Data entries
:::::

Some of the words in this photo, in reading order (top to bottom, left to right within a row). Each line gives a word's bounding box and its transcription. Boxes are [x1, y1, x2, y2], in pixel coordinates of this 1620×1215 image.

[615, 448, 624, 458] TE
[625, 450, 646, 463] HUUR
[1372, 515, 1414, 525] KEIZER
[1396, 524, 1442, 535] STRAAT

:::::

→ AIM OF THE EXERCISE:
Your task is to reproduce all the data exactly as shown.

→ RESPONSE:
Some of the words in this photo, in reading order (top to bottom, left to right within a row). Each line gives a word's bounding box and its transcription. Boxes are [x1, y1, x2, y2], in pixel coordinates of this 1620×1215 image.

[615, 448, 624, 458] TE
[625, 450, 646, 463] HUUR
[1372, 515, 1414, 525] KEIZER
[1396, 524, 1442, 535] STRAAT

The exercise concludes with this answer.